Work instruction: The reply should be an exact transcription of every record.

[Record extracts — start]

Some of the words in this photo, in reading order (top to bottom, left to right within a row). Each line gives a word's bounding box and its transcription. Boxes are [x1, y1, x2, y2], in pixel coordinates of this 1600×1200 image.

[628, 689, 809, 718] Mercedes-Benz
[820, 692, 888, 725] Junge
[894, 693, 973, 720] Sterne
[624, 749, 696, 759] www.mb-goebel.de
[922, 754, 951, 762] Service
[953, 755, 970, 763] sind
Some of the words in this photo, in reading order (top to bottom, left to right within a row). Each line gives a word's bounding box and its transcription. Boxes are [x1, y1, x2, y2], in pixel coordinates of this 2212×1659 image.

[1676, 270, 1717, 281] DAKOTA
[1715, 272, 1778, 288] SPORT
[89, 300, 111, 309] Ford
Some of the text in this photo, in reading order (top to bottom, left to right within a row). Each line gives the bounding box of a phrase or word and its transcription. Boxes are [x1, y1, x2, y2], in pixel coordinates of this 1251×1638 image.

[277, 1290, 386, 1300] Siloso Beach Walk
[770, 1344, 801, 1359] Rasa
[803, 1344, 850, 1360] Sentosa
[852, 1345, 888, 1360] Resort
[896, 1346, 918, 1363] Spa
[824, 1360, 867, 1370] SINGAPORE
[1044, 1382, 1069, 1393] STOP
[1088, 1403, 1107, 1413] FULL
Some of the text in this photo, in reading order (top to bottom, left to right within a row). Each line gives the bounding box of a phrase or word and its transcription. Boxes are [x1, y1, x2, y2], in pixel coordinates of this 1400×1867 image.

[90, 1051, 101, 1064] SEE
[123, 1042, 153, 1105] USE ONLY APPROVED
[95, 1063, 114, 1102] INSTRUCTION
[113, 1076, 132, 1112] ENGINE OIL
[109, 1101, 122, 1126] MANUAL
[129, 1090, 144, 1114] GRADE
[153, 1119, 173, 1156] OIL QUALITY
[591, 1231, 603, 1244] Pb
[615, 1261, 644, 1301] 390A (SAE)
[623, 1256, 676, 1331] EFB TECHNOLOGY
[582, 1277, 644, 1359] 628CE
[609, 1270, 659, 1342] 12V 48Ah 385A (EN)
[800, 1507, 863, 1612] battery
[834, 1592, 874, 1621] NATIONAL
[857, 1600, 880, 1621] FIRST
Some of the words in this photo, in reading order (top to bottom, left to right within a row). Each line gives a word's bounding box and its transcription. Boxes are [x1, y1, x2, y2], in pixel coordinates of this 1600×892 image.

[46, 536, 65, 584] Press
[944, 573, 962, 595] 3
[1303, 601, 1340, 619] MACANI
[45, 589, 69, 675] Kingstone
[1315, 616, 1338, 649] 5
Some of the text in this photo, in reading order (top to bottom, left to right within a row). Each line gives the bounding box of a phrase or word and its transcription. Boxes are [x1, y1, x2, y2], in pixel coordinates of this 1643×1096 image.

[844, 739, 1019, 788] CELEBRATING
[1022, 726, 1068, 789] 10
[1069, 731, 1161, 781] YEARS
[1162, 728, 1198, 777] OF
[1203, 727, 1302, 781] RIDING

[Record extracts — finish]

Expected output:
Some of the words in this photo, in reading order (top to bottom, left to right within a row). Each line gives a word's bounding box and its transcription. Boxes are [x1, y1, x2, y2], in pixel coordinates of this 1600×1200 image.

[628, 689, 809, 718] Mercedes-Benz
[820, 692, 888, 725] Junge
[894, 693, 973, 720] Sterne
[624, 749, 696, 759] www.mb-goebel.de
[922, 754, 951, 762] Service
[953, 755, 970, 763] sind
Some of the words in this photo, in reading order (top to bottom, left to right within a row). Each line gives a word's bounding box and its transcription. Boxes are [x1, y1, x2, y2], in pixel coordinates of this 2212×1659 image.

[1676, 270, 1717, 281] DAKOTA
[1715, 272, 1778, 288] SPORT
[89, 300, 111, 309] Ford
Some of the text in this photo, in reading order (top to bottom, left to right within a row). Each line gives the bounding box of a phrase or word and its transcription. Boxes are [x1, y1, x2, y2], in pixel coordinates of this 1251×1638 image.

[277, 1290, 386, 1300] Siloso Beach Walk
[770, 1344, 801, 1359] Rasa
[803, 1344, 850, 1360] Sentosa
[852, 1345, 888, 1360] Resort
[896, 1346, 918, 1363] Spa
[824, 1360, 867, 1370] SINGAPORE
[1044, 1382, 1069, 1393] STOP
[1088, 1403, 1107, 1413] FULL
Some of the text in this photo, in reading order (top to bottom, left to right within a row). Each line gives the bounding box of a phrase or word and its transcription. Boxes are [x1, y1, x2, y2], in pixel coordinates of this 1400×1867 image.

[90, 1051, 101, 1064] SEE
[123, 1042, 153, 1105] USE ONLY APPROVED
[95, 1063, 114, 1102] INSTRUCTION
[113, 1076, 132, 1112] ENGINE OIL
[109, 1101, 122, 1126] MANUAL
[129, 1090, 144, 1114] GRADE
[153, 1119, 173, 1156] OIL QUALITY
[591, 1231, 603, 1244] Pb
[615, 1261, 644, 1301] 390A (SAE)
[623, 1256, 676, 1331] EFB TECHNOLOGY
[582, 1277, 644, 1359] 628CE
[609, 1270, 659, 1342] 12V 48Ah 385A (EN)
[800, 1507, 863, 1612] battery
[834, 1592, 874, 1621] NATIONAL
[857, 1600, 880, 1621] FIRST
Some of the words in this photo, in reading order (top to bottom, left to right within a row). Each line gives a word's bounding box and its transcription. Boxes are [x1, y1, x2, y2], in pixel coordinates of this 1600×892 image.

[46, 536, 65, 584] Press
[944, 573, 962, 595] 3
[1303, 601, 1340, 619] MACANI
[45, 589, 69, 675] Kingstone
[1315, 616, 1338, 649] 5
Some of the text in this photo, in reading order (top to bottom, left to right within a row). Each line gives the bounding box of a phrase or word and its transcription. Boxes are [x1, y1, x2, y2], in pixel coordinates of this 1643×1096 image.

[844, 739, 1019, 788] CELEBRATING
[1022, 726, 1068, 789] 10
[1069, 731, 1161, 781] YEARS
[1162, 728, 1198, 777] OF
[1203, 727, 1302, 781] RIDING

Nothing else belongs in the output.